All these factors led to a "low threshold" for antibiotic initiation, Barlam and her colleagues write.

"If we can remember back to that point, there were no vaccines, there were no treatments. It wasn't clear if there was any role for any number of agents," she said. "And in many ways, giving an antibiotic is just easier than having to really think it through."

But even when testing became more reliable and patients were coming in with classic signs of COVID-19, prescribing antibiotics became an almost "knee jerk" reaction, with some patients receiving broad-spectrum drugs more appropriate for hospital-associated infections.

"To treat someone who was basically healthy until they got COVID as if they had a hospital-associated pneumonia…wasn't appropriate," Barlam said. "But we were seeing it all the time."

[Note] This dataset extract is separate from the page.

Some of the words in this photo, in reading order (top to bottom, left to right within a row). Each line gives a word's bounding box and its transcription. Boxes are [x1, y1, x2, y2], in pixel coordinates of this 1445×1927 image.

Another factor early in the pandemic, and one that has continued to drive antibiotic use in COVID-19 patients, is concern about bacterial coinfections, especially in older patients with other morbidities. But Barlam and her colleagues note that studies have shown that only 3.1% to 5.5% of COVID-19 patients have bacterial coinfections.

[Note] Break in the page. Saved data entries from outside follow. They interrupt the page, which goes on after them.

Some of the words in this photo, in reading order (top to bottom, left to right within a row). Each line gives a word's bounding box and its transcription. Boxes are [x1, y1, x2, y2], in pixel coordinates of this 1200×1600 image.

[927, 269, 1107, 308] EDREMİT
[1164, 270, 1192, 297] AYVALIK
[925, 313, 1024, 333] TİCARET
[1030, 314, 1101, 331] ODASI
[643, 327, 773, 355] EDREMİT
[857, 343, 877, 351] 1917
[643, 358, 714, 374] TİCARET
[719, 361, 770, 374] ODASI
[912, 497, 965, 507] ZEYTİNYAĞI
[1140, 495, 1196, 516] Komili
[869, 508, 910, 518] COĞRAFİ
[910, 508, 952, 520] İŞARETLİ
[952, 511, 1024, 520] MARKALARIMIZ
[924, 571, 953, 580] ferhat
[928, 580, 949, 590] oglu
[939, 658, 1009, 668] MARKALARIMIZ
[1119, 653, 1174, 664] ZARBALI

To prevent this type of antibiotic use in future viral respiratory outbreaks, the SHEA statement recommends first that healthcare providers limit initiation of antibiotics when there is a "high pre-test probability" for a viral infection, even in cases in which accurate diagnostics aren't readily available.

"There is no evidence that routine antibiotics are needed for respiratory viral pandemics in patients who do not exhibit clear signs of bacterial coinfection," the statement says.

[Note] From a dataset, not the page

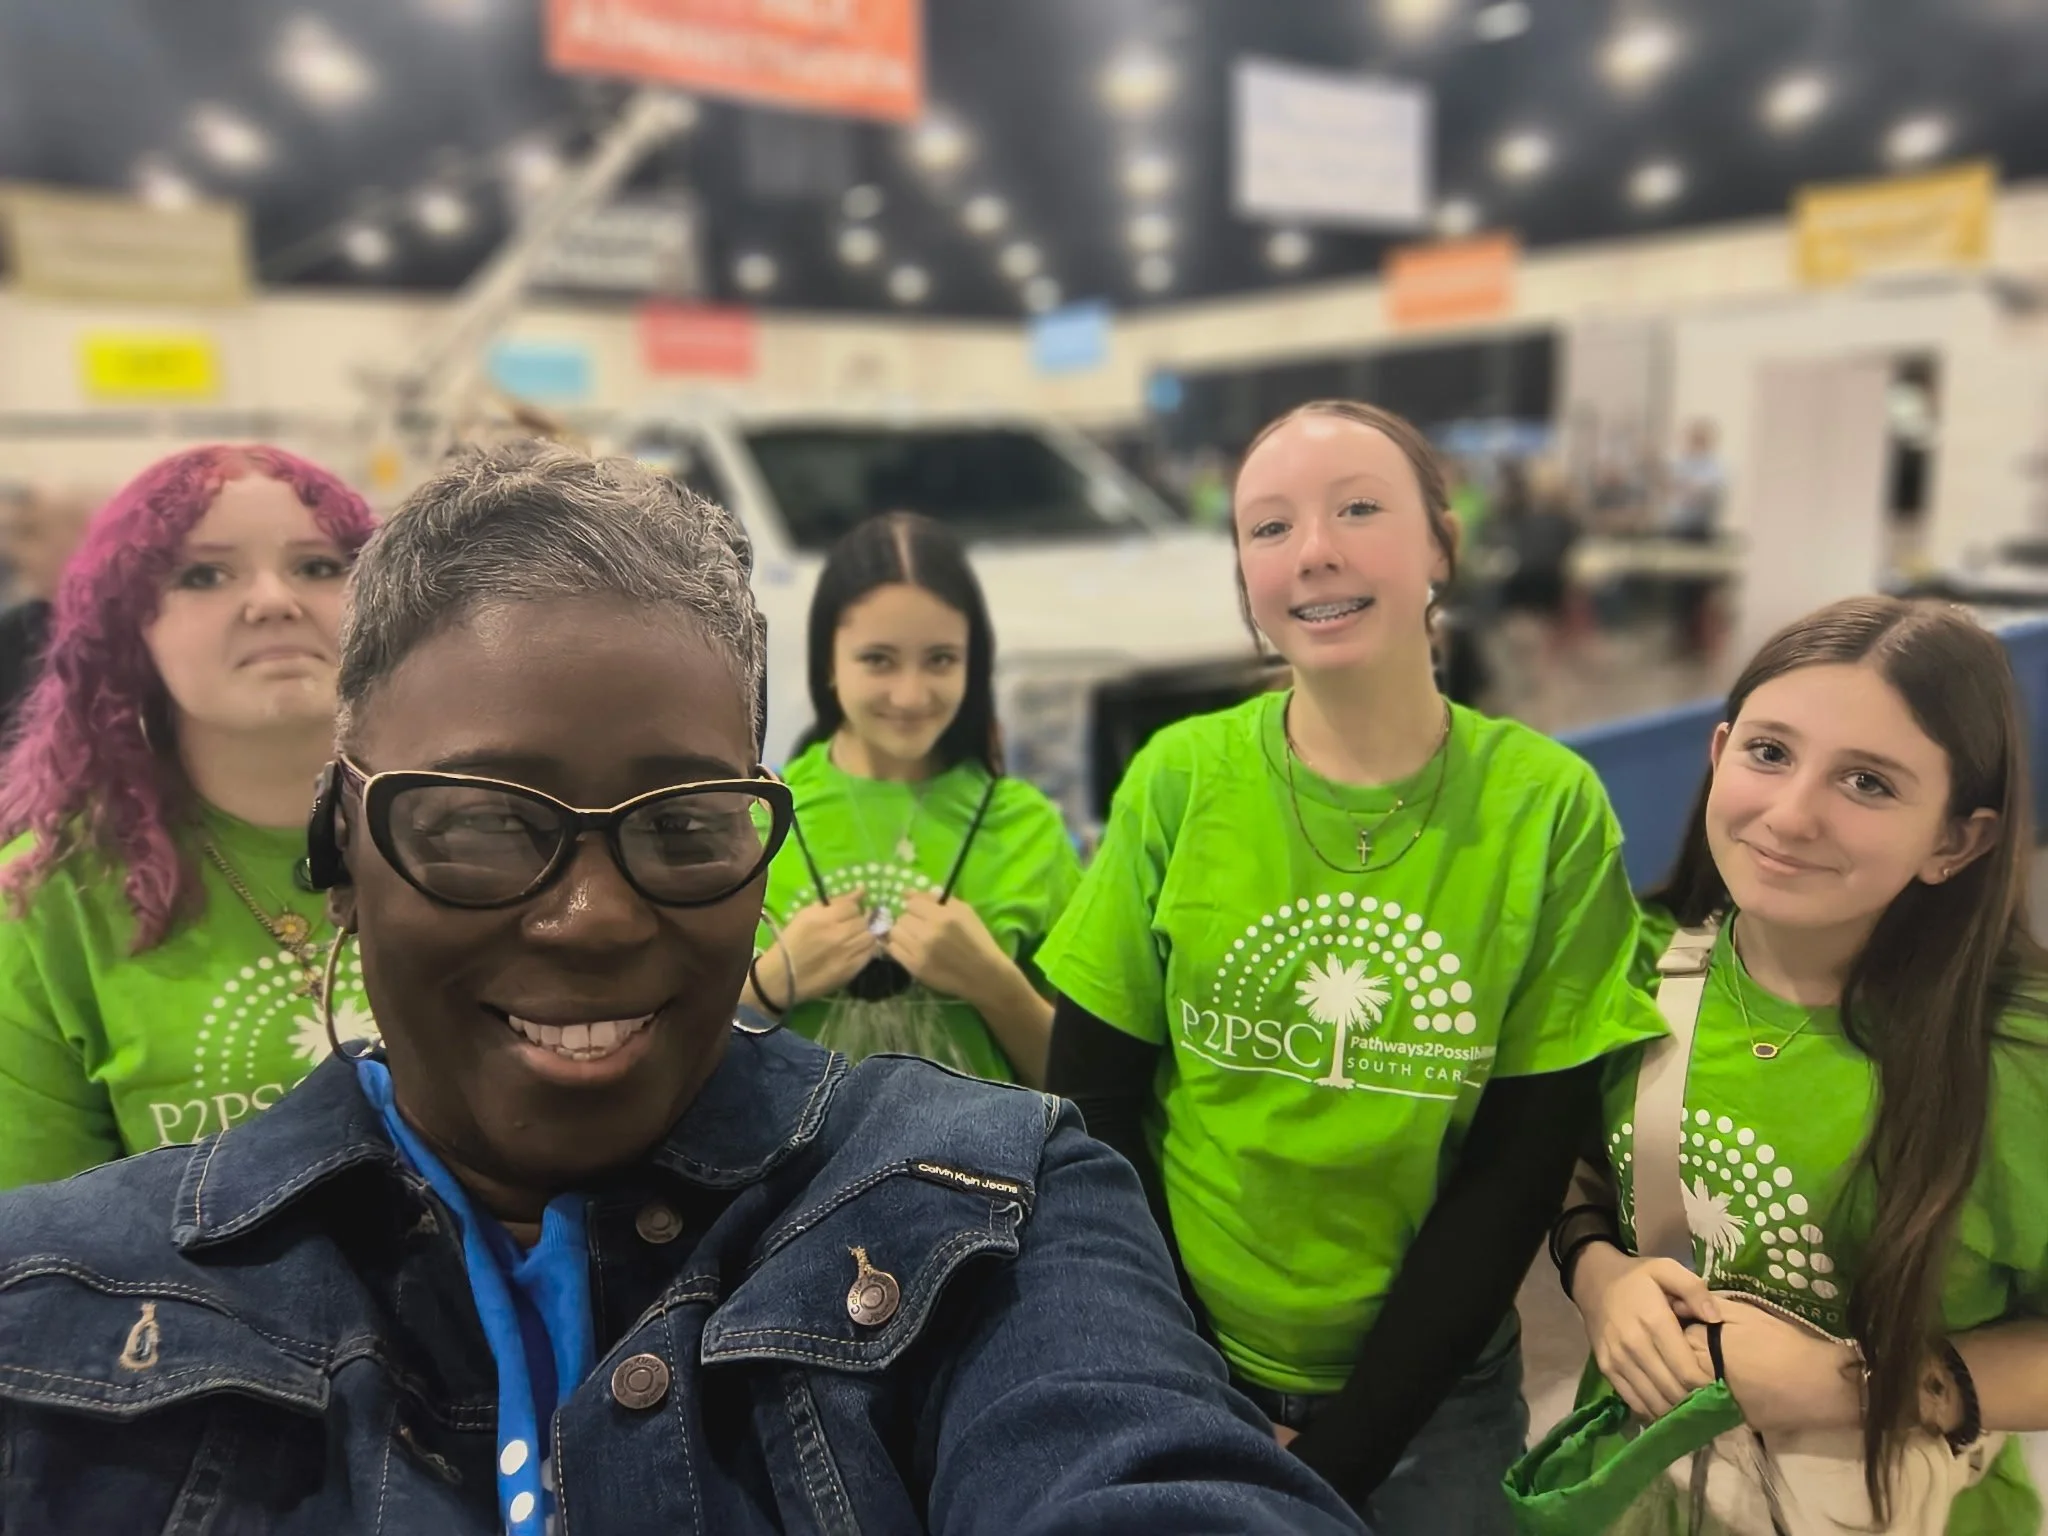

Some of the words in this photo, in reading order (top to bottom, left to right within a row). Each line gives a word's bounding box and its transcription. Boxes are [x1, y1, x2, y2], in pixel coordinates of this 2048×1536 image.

The statement goes on to say that healthcare providers can perform inflammatory marker tests, such C-reactive protein or procalcitonin tests, but that those markers should not be used as the basis for initiation of antibiotics because they may not be indicative of a bacterial or fungal infection.

Barlam and her colleagues acknowledge that it's important for providers to identify patients who may require antibiotic initiation—such as those who have symptoms indicating bacterial pneumonia or another bacterial coinfection—and to follow with microbiologic testing to confirm the infection and adjust antibiotic therapy accordingly. But they warn against overuse of diagnostic tests when there are no signs of bacterial coinfection.

The role of stewardship

Finally, the SHEA statement emphasizes the important role that ASPs can play in future outbreaks or pandemics, not just in terms of developing treatment guidelines and monitoring appropriate antibiotic use. ASPs can also provide advice and support for clinicians in the face of clinical uncertainty and, as they have done during the COVID-19 pandemic, help evaluate and implement other treatment regimens.

"Stewardship is actually part of an emergency response," Barlam said.

Barlam knows that whenever a viral outbreak or pandemic occurs, the challenges seen during COVID will likely rear their head again. But she hopes that the statement clearly lays out the evidence-based steps that providers should take to minimize unnecessary antibiotic use in that event.

"I think we know that if there's another huge outbreak, that we are going to have to reinforce and reeducate and provide guidance," she said. "But it's always good to lay it out in a way that you have a common lexicon that you can work from."